:: DATA TO PROCESS
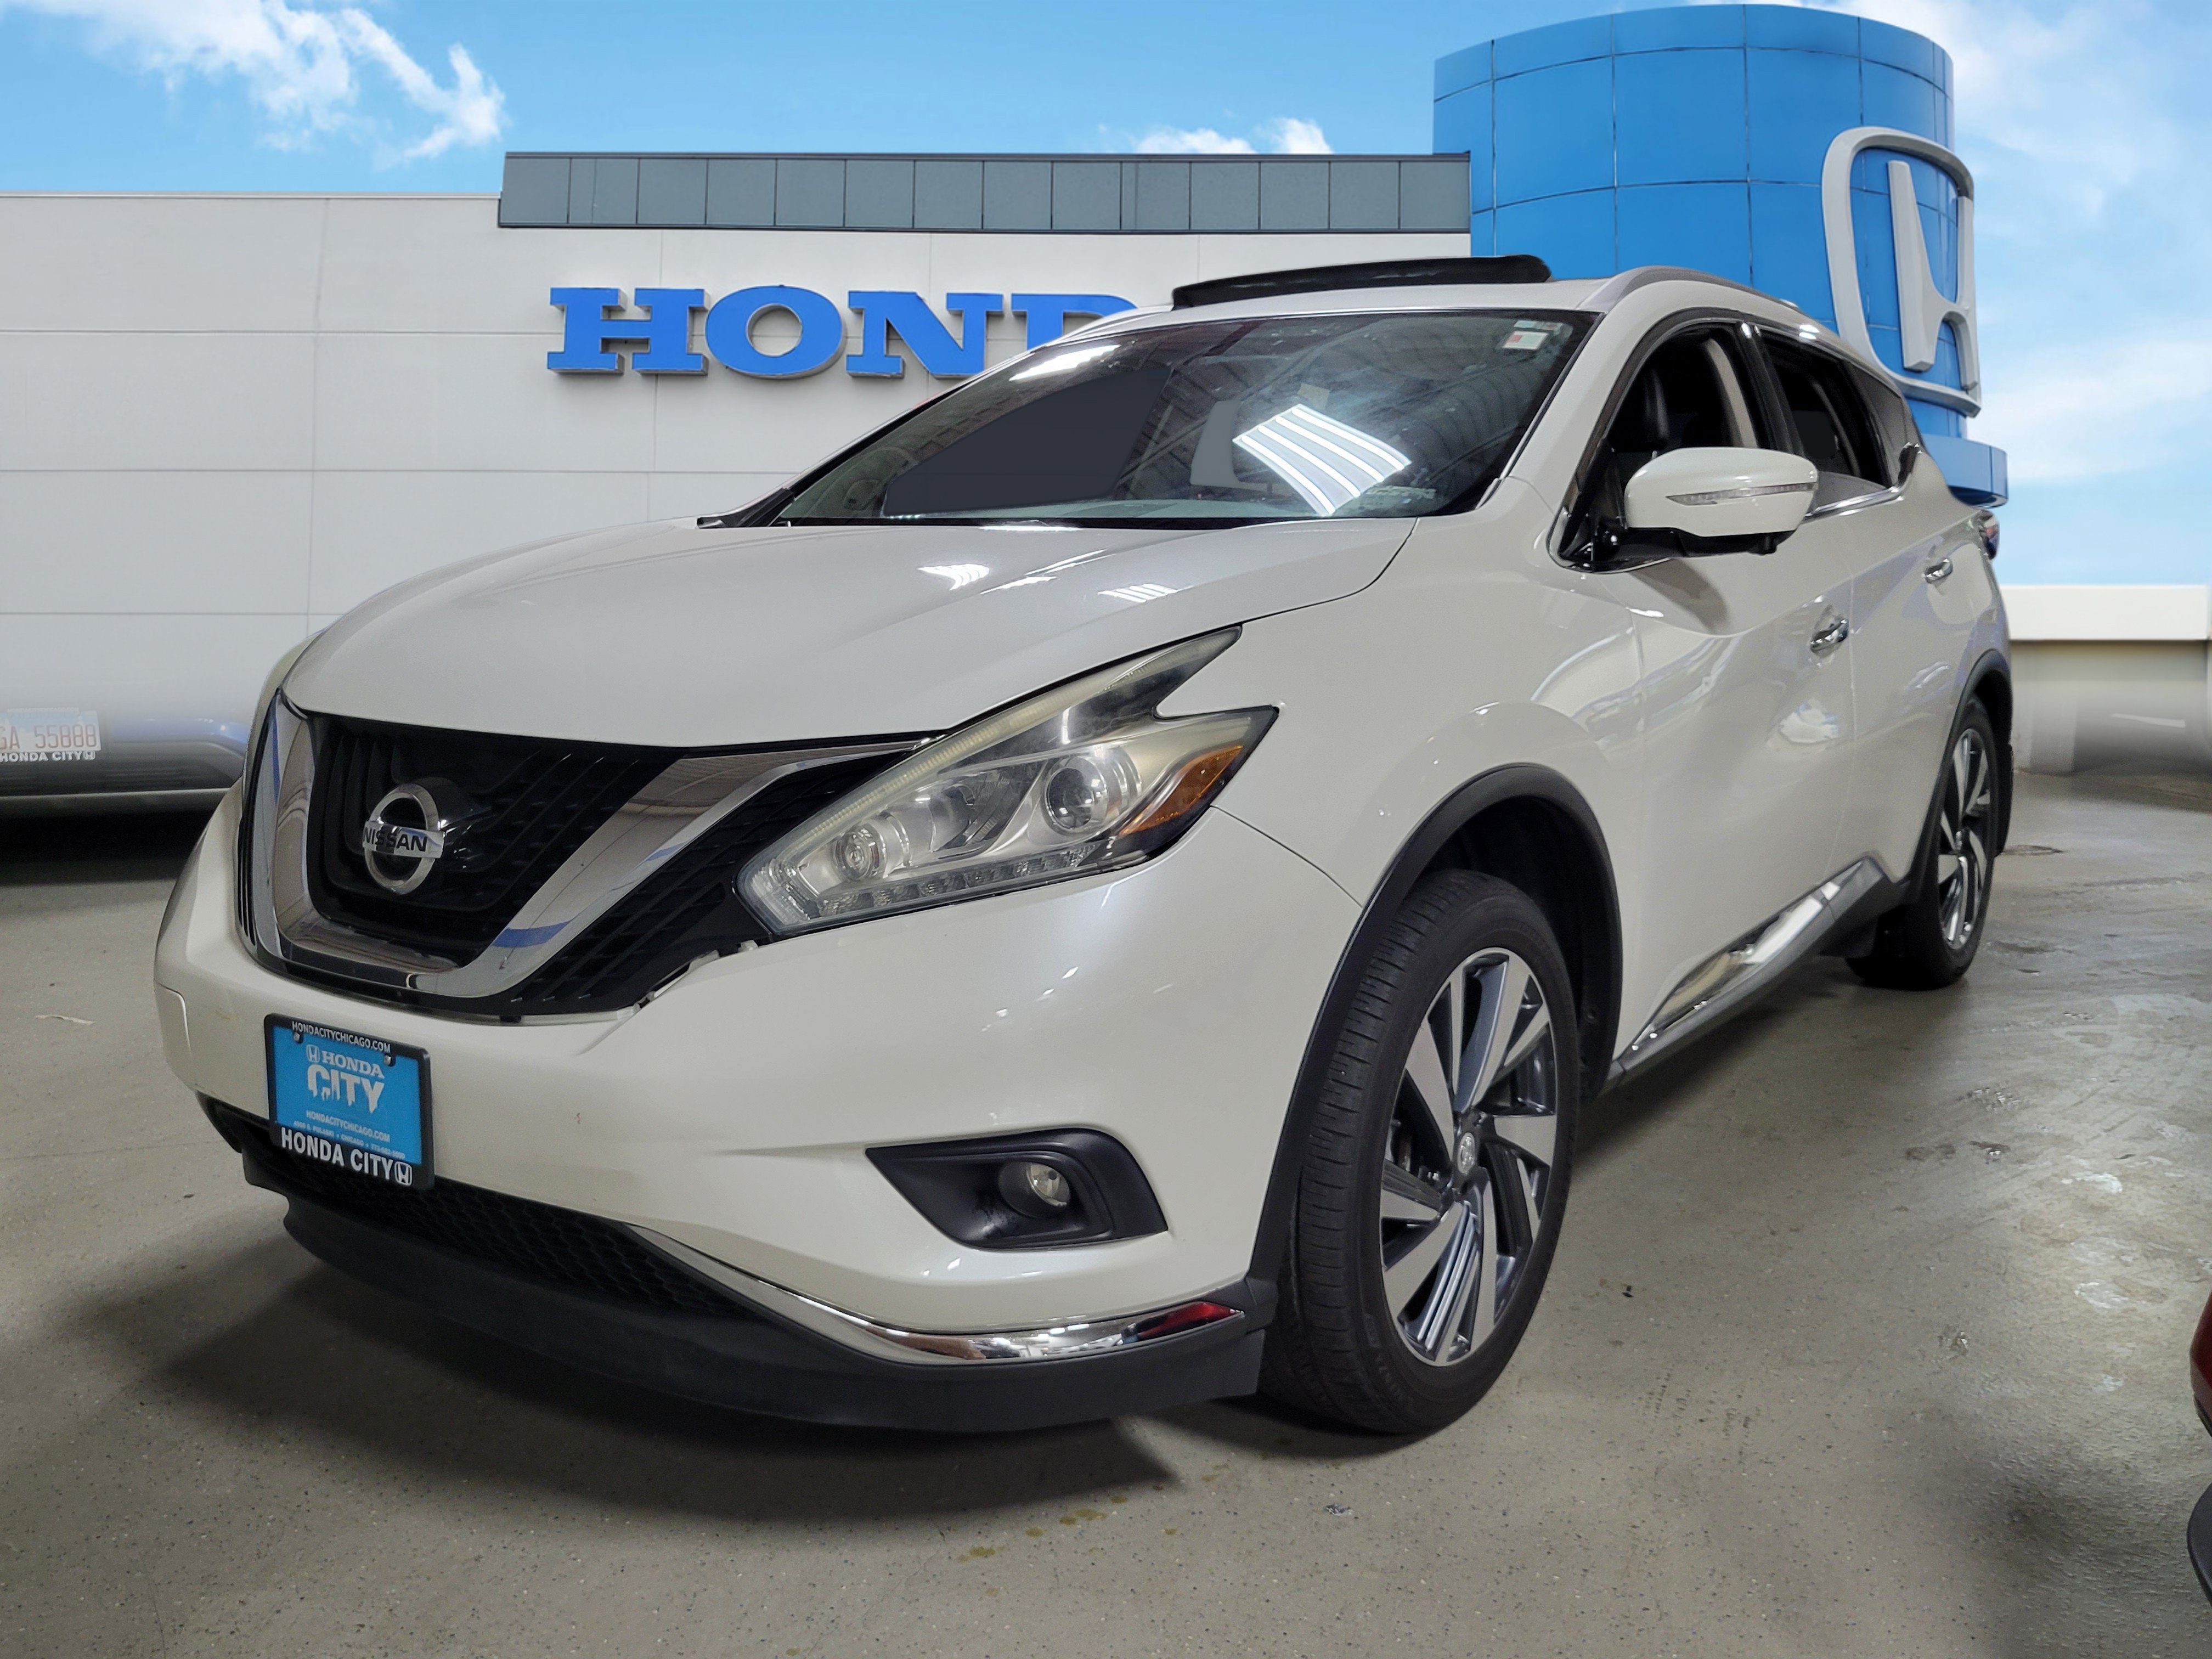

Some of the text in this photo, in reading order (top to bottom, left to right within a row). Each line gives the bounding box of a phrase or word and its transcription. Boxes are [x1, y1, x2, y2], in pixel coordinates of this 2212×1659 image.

[34, 724, 97, 748] 55888
[0, 751, 82, 763] HONDA CITY
[363, 827, 428, 853] NISSAN
[292, 1020, 391, 1053] HONDACITYCHICAGO.COM
[322, 1049, 385, 1079] HONDA
[307, 1064, 385, 1114] CITY
[306, 1110, 390, 1143] HONDACITYCHICAGO.COM
[281, 1127, 345, 1166] HONDA
[351, 1149, 394, 1180] CITY
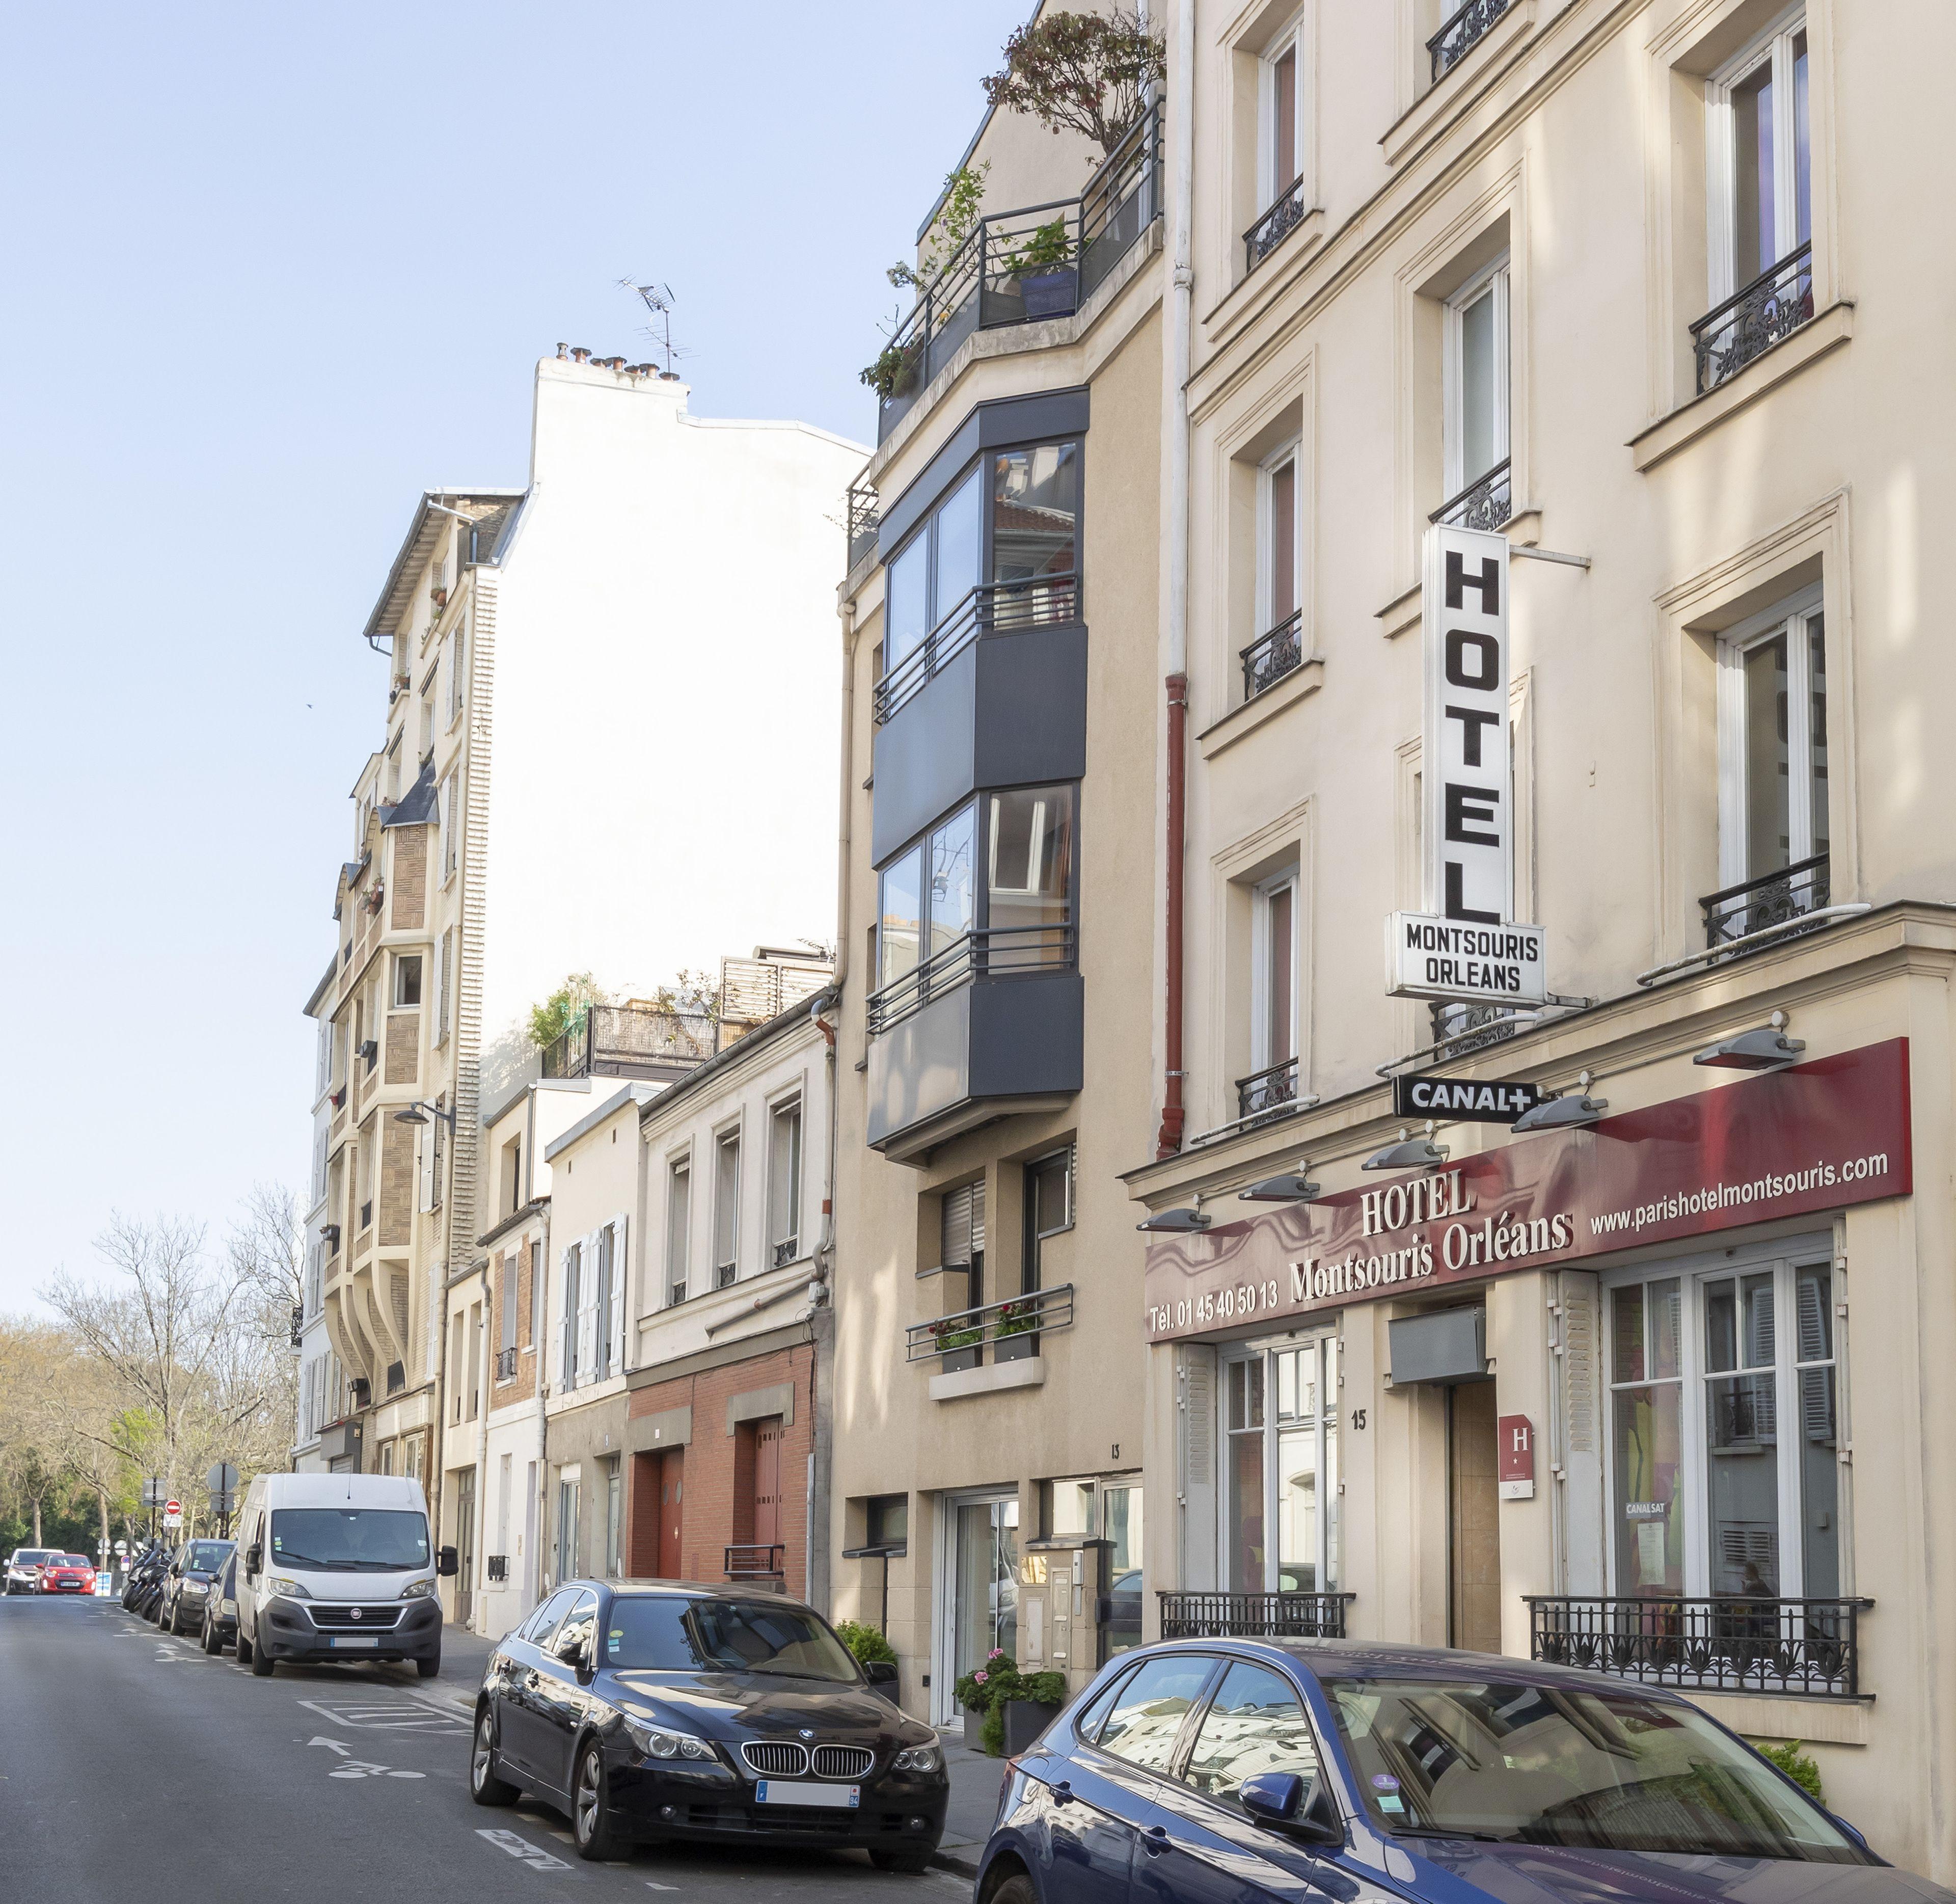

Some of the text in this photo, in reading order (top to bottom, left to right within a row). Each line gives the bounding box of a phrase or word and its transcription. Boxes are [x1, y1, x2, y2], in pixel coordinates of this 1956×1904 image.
::::
**YOUR ASSIGNMENT:** Omitting the pictures, copy each record above exactly as it stands.

**RESULT OF THE TASK:**
Some of the text in this photo, in reading order (top to bottom, left to right within a row). Each line gives the bounding box of a phrase or word and its transcription. Boxes are [x1, y1, x2, y2], in pixel coordinates of this 2212×1659 image.

[34, 724, 97, 748] 55888
[0, 751, 82, 763] HONDA CITY
[363, 827, 428, 853] NISSAN
[292, 1020, 391, 1053] HONDACITYCHICAGO.COM
[322, 1049, 385, 1079] HONDA
[307, 1064, 385, 1114] CITY
[306, 1110, 390, 1143] HONDACITYCHICAGO.COM
[281, 1127, 345, 1166] HONDA
[351, 1149, 394, 1180] CITY

Some of the text in this photo, in reading order (top to bottom, left to right within a row). Each line gives the bounding box of a phrase or word and its transcription. Boxes are [x1, y1, x2, y2], in pixel coordinates of this 1956×1904 image.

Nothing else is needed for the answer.